Images for object localization
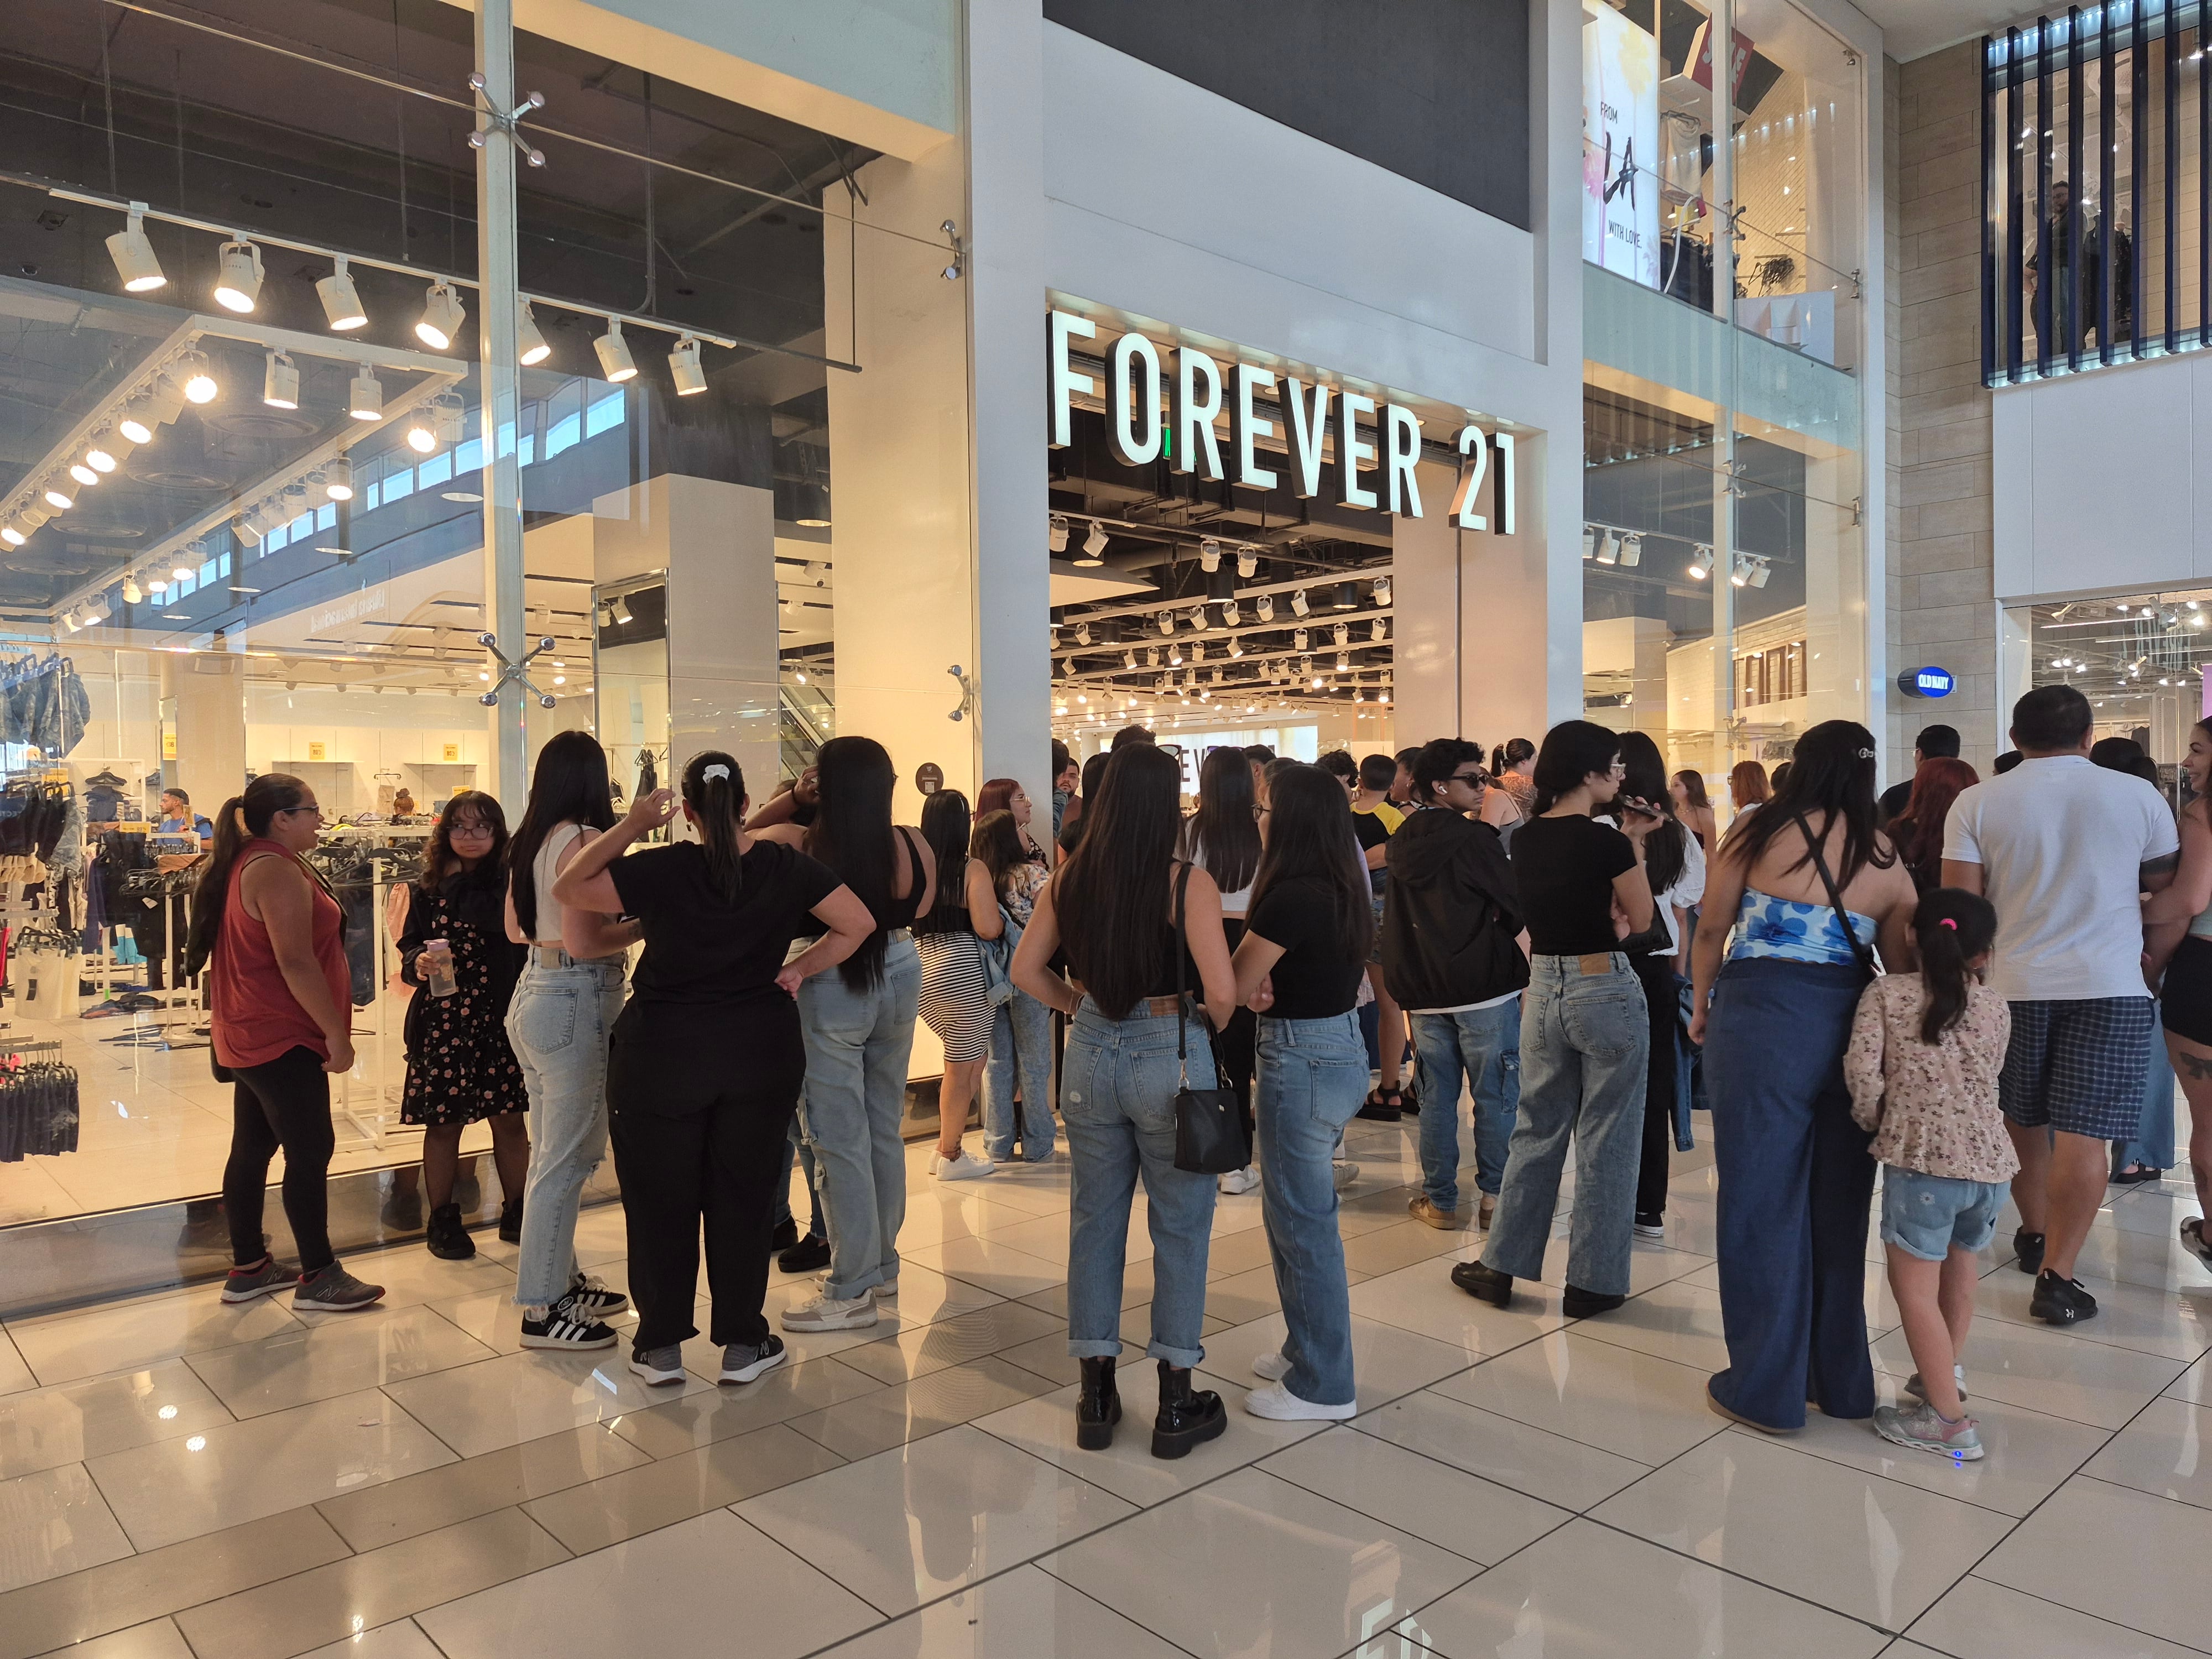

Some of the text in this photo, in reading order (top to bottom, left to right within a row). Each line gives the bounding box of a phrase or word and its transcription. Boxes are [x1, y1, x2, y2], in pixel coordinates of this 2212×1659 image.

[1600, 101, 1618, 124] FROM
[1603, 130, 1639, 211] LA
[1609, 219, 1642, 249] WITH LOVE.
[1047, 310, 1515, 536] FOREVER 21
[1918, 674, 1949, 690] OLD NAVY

» Requirement: Restate the data above verbatim, skipping every image.

» Answer section:
Some of the text in this photo, in reading order (top to bottom, left to right within a row). Each line gives the bounding box of a phrase or word and its transcription. Boxes are [x1, y1, x2, y2], in pixel coordinates of this 2212×1659 image.

[1600, 101, 1618, 124] FROM
[1603, 130, 1639, 211] LA
[1609, 219, 1642, 249] WITH LOVE.
[1047, 310, 1515, 536] FOREVER 21
[1918, 674, 1949, 690] OLD NAVY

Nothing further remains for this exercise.